▶ [BRIEF]:
Each line of the records needs to come back exactly as written.

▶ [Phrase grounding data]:

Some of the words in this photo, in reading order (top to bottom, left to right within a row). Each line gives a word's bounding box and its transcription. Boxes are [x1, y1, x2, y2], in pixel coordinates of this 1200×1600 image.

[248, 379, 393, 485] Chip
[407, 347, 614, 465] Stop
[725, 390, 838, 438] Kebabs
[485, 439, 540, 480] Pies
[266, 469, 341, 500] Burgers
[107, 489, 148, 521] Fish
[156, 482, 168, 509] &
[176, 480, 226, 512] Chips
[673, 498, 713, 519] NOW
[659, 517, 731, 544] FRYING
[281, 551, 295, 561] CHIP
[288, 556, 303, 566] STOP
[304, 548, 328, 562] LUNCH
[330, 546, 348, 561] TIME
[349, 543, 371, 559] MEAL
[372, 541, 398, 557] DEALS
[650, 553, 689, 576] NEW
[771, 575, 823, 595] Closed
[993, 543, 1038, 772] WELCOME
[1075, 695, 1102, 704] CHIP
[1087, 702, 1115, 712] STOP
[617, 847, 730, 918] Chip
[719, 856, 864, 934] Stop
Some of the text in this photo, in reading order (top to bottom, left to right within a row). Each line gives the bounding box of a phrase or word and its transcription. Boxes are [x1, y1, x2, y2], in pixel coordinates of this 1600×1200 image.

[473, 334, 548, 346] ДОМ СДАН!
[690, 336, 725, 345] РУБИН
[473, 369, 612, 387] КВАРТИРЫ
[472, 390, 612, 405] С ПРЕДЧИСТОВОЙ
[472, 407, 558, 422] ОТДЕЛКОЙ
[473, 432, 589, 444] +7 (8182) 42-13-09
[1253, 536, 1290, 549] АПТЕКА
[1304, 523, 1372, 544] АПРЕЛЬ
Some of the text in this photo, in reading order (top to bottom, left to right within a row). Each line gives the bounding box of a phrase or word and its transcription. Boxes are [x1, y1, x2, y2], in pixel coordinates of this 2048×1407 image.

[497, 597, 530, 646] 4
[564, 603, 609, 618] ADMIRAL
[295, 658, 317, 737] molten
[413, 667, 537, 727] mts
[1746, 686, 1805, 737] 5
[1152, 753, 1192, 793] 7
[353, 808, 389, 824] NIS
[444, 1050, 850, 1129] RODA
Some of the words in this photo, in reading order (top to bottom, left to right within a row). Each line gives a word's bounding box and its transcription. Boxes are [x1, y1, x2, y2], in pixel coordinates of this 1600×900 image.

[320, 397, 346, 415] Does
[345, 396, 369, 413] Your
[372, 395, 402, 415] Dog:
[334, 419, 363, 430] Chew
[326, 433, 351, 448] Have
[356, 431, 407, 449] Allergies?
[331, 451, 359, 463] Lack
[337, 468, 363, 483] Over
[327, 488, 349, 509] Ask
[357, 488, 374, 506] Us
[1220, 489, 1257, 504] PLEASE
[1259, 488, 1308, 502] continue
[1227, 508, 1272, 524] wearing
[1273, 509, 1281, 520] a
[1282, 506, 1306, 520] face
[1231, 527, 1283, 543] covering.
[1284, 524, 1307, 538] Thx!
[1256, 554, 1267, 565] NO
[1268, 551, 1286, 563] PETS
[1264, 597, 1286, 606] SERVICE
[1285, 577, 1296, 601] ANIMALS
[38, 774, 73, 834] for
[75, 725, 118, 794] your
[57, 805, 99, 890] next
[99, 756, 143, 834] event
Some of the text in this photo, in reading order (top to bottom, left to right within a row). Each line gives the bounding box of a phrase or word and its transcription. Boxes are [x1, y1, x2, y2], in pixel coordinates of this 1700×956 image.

▶ [WRITTEN SOLUTION]:
Some of the words in this photo, in reading order (top to bottom, left to right within a row). Each line gives a word's bounding box and its transcription. Boxes are [x1, y1, x2, y2], in pixel coordinates of this 1200×1600 image.

[248, 379, 393, 485] Chip
[407, 347, 614, 465] Stop
[725, 390, 838, 438] Kebabs
[485, 439, 540, 480] Pies
[266, 469, 341, 500] Burgers
[107, 489, 148, 521] Fish
[156, 482, 168, 509] &
[176, 480, 226, 512] Chips
[673, 498, 713, 519] NOW
[659, 517, 731, 544] FRYING
[281, 551, 295, 561] CHIP
[288, 556, 303, 566] STOP
[304, 548, 328, 562] LUNCH
[330, 546, 348, 561] TIME
[349, 543, 371, 559] MEAL
[372, 541, 398, 557] DEALS
[650, 553, 689, 576] NEW
[771, 575, 823, 595] Closed
[993, 543, 1038, 772] WELCOME
[1075, 695, 1102, 704] CHIP
[1087, 702, 1115, 712] STOP
[617, 847, 730, 918] Chip
[719, 856, 864, 934] Stop
Some of the text in this photo, in reading order (top to bottom, left to right within a row). Each line gives the bounding box of a phrase or word and its transcription. Boxes are [x1, y1, x2, y2], in pixel coordinates of this 1600×1200 image.

[473, 334, 548, 346] ДОМ СДАН!
[690, 336, 725, 345] РУБИН
[473, 369, 612, 387] КВАРТИРЫ
[472, 390, 612, 405] С ПРЕДЧИСТОВОЙ
[472, 407, 558, 422] ОТДЕЛКОЙ
[473, 432, 589, 444] +7 (8182) 42-13-09
[1253, 536, 1290, 549] АПТЕКА
[1304, 523, 1372, 544] АПРЕЛЬ
Some of the text in this photo, in reading order (top to bottom, left to right within a row). Each line gives the bounding box of a phrase or word and its transcription. Boxes are [x1, y1, x2, y2], in pixel coordinates of this 2048×1407 image.

[497, 597, 530, 646] 4
[564, 603, 609, 618] ADMIRAL
[295, 658, 317, 737] molten
[413, 667, 537, 727] mts
[1746, 686, 1805, 737] 5
[1152, 753, 1192, 793] 7
[353, 808, 389, 824] NIS
[444, 1050, 850, 1129] RODA
Some of the words in this photo, in reading order (top to bottom, left to right within a row). Each line gives a word's bounding box and its transcription. Boxes are [x1, y1, x2, y2], in pixel coordinates of this 1600×900 image.

[320, 397, 346, 415] Does
[345, 396, 369, 413] Your
[372, 395, 402, 415] Dog:
[334, 419, 363, 430] Chew
[326, 433, 351, 448] Have
[356, 431, 407, 449] Allergies?
[331, 451, 359, 463] Lack
[337, 468, 363, 483] Over
[327, 488, 349, 509] Ask
[357, 488, 374, 506] Us
[1220, 489, 1257, 504] PLEASE
[1259, 488, 1308, 502] continue
[1227, 508, 1272, 524] wearing
[1273, 509, 1281, 520] a
[1282, 506, 1306, 520] face
[1231, 527, 1283, 543] covering.
[1284, 524, 1307, 538] Thx!
[1256, 554, 1267, 565] NO
[1268, 551, 1286, 563] PETS
[1264, 597, 1286, 606] SERVICE
[1285, 577, 1296, 601] ANIMALS
[38, 774, 73, 834] for
[75, 725, 118, 794] your
[57, 805, 99, 890] next
[99, 756, 143, 834] event
Some of the text in this photo, in reading order (top to bottom, left to right within a row). Each line gives the bounding box of a phrase or word and its transcription. Boxes are [x1, y1, x2, y2], in pixel coordinates of this 1700×956 image.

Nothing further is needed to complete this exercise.